O Supremo Tribunal Federal (STF) declarou inconstitucionais duas leis municipais que proibiam o uso de linguagem neutra nas escolas de Águas Lindas de Goiás (GO) e Ibirité (MG). O julgamento de mérito foi concluído na semana passada e divulgado nesta segunda-feira, 2. Na prática, as normas estavam suspensas desde 2024 por decisões liminares do relator, ministro Alexandre de Moraes, depois referendadas pelo plenário.

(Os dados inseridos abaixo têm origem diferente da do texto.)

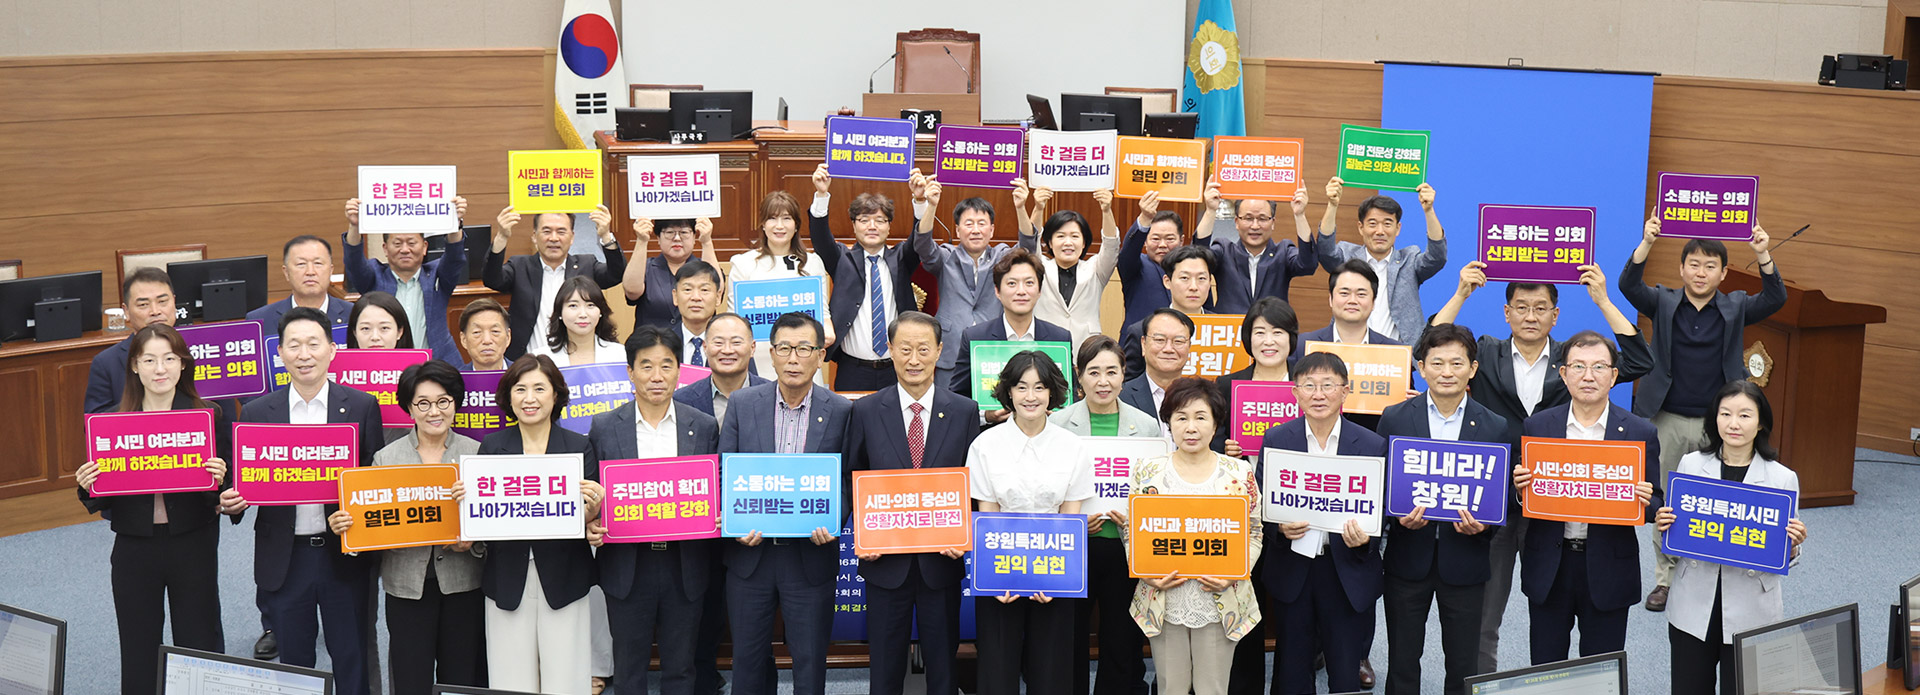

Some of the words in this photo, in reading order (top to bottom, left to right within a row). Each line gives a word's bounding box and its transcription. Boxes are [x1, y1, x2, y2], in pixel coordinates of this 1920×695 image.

[832, 132, 844, 145] 늘
[845, 133, 866, 146] 시민
[868, 135, 910, 149] 여러분과
[942, 140, 990, 156] 소통하는
[994, 142, 1018, 157] 의회
[831, 149, 851, 162] 함께
[854, 151, 907, 164] 하겠습니다.
[1041, 145, 1055, 161] 한
[1059, 145, 1087, 162] 걸음
[1092, 145, 1104, 161] 더
[1347, 143, 1366, 157] 입법
[1366, 145, 1393, 160] 전문성
[1394, 147, 1421, 161] 강화로
[941, 157, 989, 172] 신뢰받는
[993, 159, 1016, 174] 의회
[1123, 153, 1155, 167] 시민과
[1156, 154, 1198, 169] 함께하는
[1265, 155, 1295, 168] 중심의
[1345, 158, 1372, 171] 질높은
[1373, 160, 1392, 173] 의정
[1392, 162, 1420, 175] 서비스
[518, 169, 549, 180] 시민과
[553, 168, 594, 179] 함께하는
[641, 172, 655, 187] 한
[660, 171, 688, 187] 걸음
[694, 171, 707, 186] 더
[1034, 163, 1110, 178] 나아가겠습니다
[1132, 169, 1157, 184] 열린
[1162, 170, 1188, 185] 의회
[1220, 168, 1271, 182] 생활자치로
[1273, 169, 1295, 183] 발전
[372, 183, 388, 199] 한
[393, 182, 422, 200] 걸음
[428, 183, 443, 198] 더
[527, 184, 554, 197] 열린
[559, 183, 585, 197] 의회
[636, 190, 714, 203] 나아가겠습니다
[1664, 189, 1718, 205] 소통하는
[1722, 191, 1750, 206] 의회
[366, 203, 450, 216] 나아가겠습니다
[1663, 207, 1717, 223] 신뢰받는
[1721, 208, 1748, 224] 의회
[1487, 224, 1549, 242] 소통하는
[1554, 226, 1585, 243] 의회
[1486, 245, 1548, 263] 신뢰받는
[1554, 247, 1585, 264] 의회
[742, 294, 789, 310] 소통하는
[792, 292, 816, 306] 의회
[745, 312, 781, 325] 신뢰받
[1191, 324, 1242, 347] 내라!
[188, 344, 220, 360] 하는
[225, 339, 256, 357] 의회
[194, 364, 222, 381] 받는
[226, 360, 258, 378] 의회
[340, 370, 367, 385] 시민
[370, 370, 402, 385] 여러
[1354, 362, 1402, 378] 함께하는
[568, 385, 582, 400] 민
[584, 380, 632, 397] 여러분과
[1360, 380, 1390, 396] 의회
[1242, 401, 1299, 418] 주민참여
[451, 412, 500, 429] 뢰받는
[96, 436, 110, 451] 늘
[115, 434, 144, 450] 시민
[148, 431, 206, 449] 여러분과
[242, 445, 256, 460] 늘
[260, 446, 289, 461] 시민
[292, 445, 350, 461] 여러분과
[96, 457, 127, 472] 함께
[130, 453, 206, 472] 하겠습니다.
[1094, 457, 1130, 478] 걸음
[1402, 448, 1497, 481] 힘내라!
[241, 466, 270, 483] 함께
[1279, 468, 1298, 489] 한
[1304, 472, 1342, 494] 걸음
[1349, 476, 1367, 494] 더
[1592, 464, 1634, 481] 중심의
[477, 476, 497, 498] 한
[503, 476, 541, 497] 걸음
[548, 476, 567, 496] 더
[612, 480, 674, 500] 주민참여
[678, 478, 708, 496] 확대
[732, 475, 795, 492] 소통하는
[800, 475, 831, 492] 의회
[1532, 480, 1604, 499] 생활자치로
[1604, 482, 1634, 501] 발전
[350, 488, 394, 506] 시민과
[396, 486, 452, 502] 함께하는
[921, 491, 960, 508] 중심의
[1270, 491, 1374, 515] 나아가겠습니다
[1411, 480, 1484, 512] 창원!
[469, 501, 577, 519] 나아가겠습니다
[613, 504, 644, 522] 의회
[646, 502, 678, 520] 역할
[680, 500, 710, 518] 강화
[732, 498, 794, 515] 신뢰받는
[800, 498, 830, 515] 의회
[1680, 494, 1780, 527] 창원특례시민
[364, 508, 400, 528] 열린
[406, 506, 442, 524] 의회
[864, 510, 934, 530] 생활자치로
[934, 508, 962, 528] 발전
[1139, 517, 1182, 534] 시민과
[1184, 517, 1240, 534] 함께하는
[984, 531, 1075, 551] 창원특례시민
[1688, 518, 1724, 542] 권익
[1729, 525, 1766, 550] 실현
[1152, 538, 1186, 556] 열린
[1192, 538, 1228, 556] 의회
[994, 555, 1028, 574] 권익
[1032, 555, 1066, 575] 실현

A maioria dos ministros entendeu que apenas a União pode legislar sobre diretrizes e bases da educação nacional, conforme prevê a Lei Federal nº 9.394/1996. Para o colegiado, cabe ao governo federal definir regras gerais do ensino, a fim de garantir uniformidade curricular em todo o País.Segundo Moraes, eventual suplementação por municípios ou estados para atender a interesses locais não autoriza a criação de proibições sobre conteúdo pedagógico. Assim, normas que extrapolem os limites fixados pela legislação federal devem ser consideradas inconstitucionais.Os ministros Cristiano Zanin, André Mendonça e Nunes Marques divergiram parcialmente do relator.

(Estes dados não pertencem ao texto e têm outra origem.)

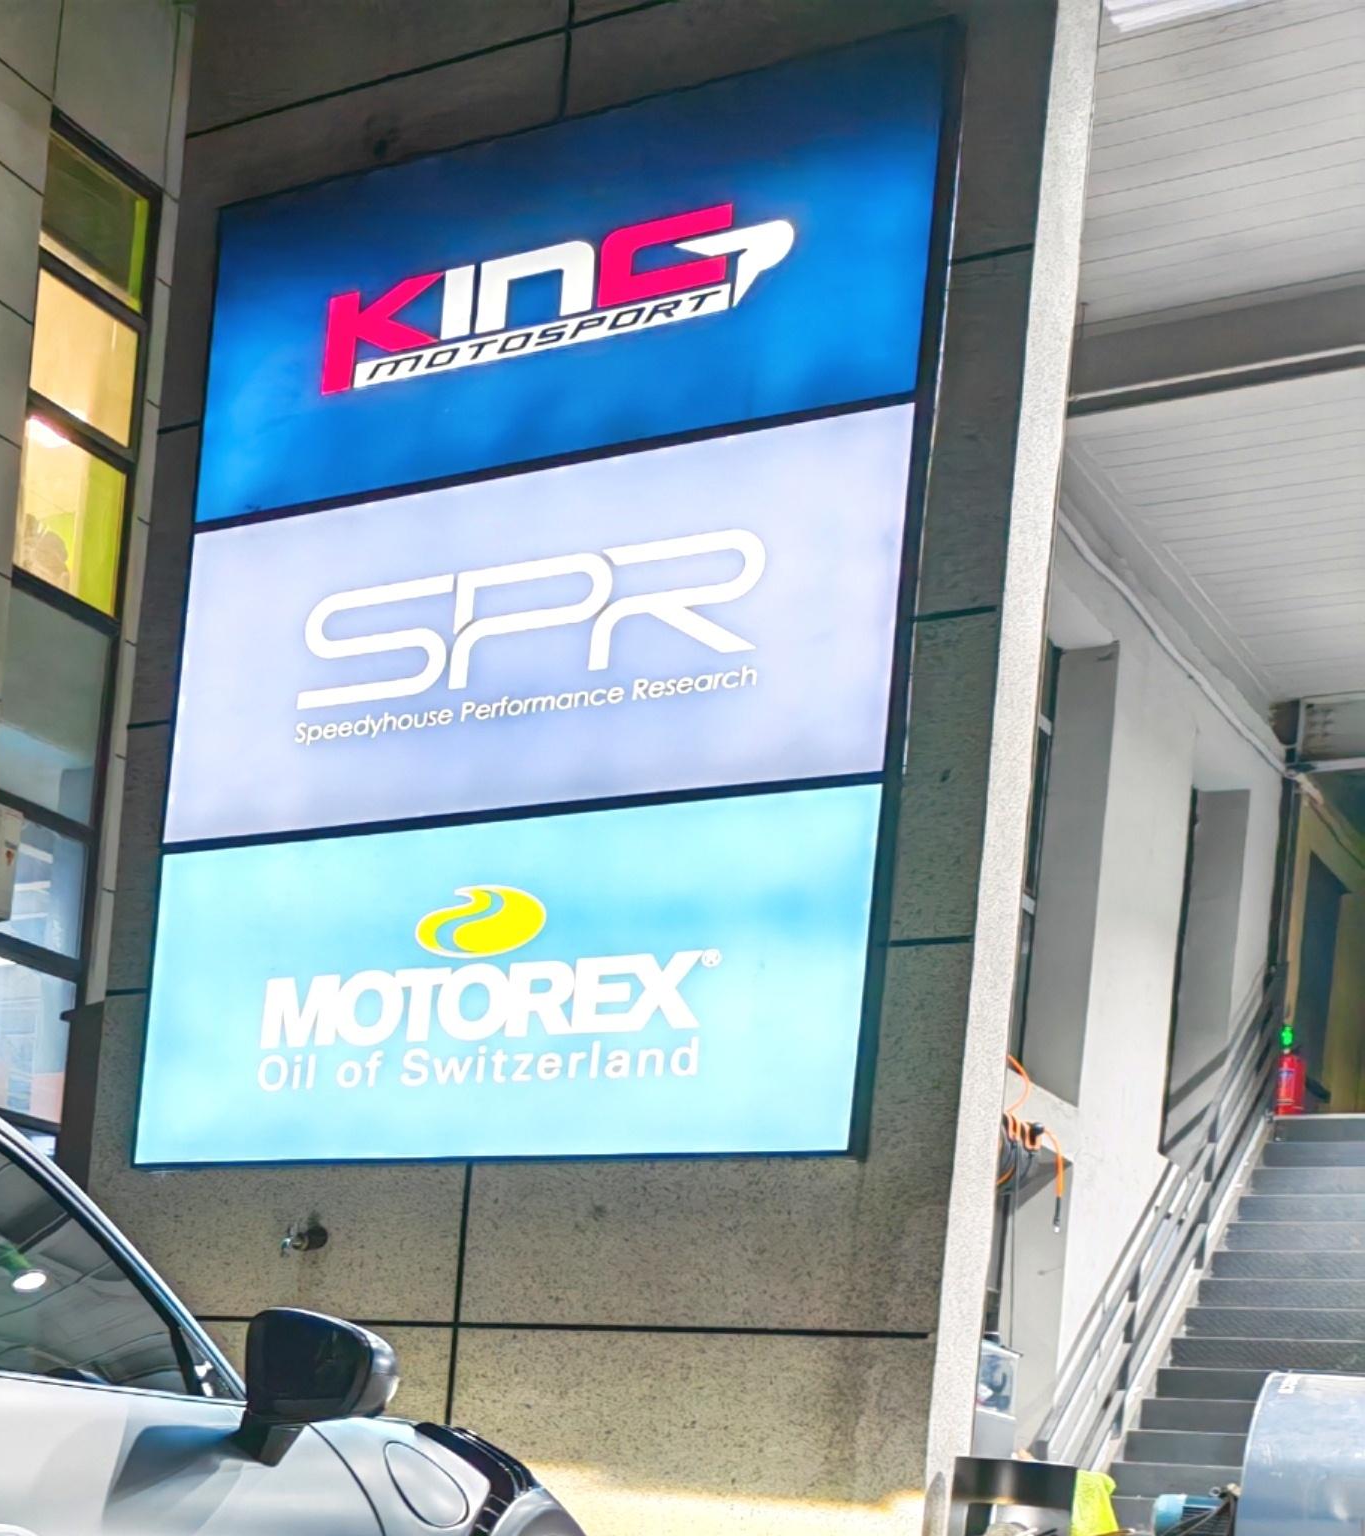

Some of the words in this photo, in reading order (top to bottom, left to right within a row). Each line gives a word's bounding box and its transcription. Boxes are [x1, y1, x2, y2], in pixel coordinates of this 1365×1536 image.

A lei de Ibirité definia “linguagem neutra” como a modificação de padrões linguísticos para anular ou indeterminar o masculino e o feminino na língua portuguesa. A norma previa sanções administrativas e eventual responsabilização civil e penal de agentes públicos que utilizassem esse tipo de linguagem.Já a lei de Águas Lindas de Goiás proibia o uso da linguagem neutra em escolas públicas e privadas, em editais de concursos e em ações culturais, esportivas ou publicitárias financiadas com recursos públicos.
As ações que questionaram as normas foram propostas pela Aliança Nacional LGBTI+ e pela Associação Brasileira de Famílias Homotransafetivas (ABRAFH).Com a decisão, as duas leis deixam de produzir efeitos de forma definitiva.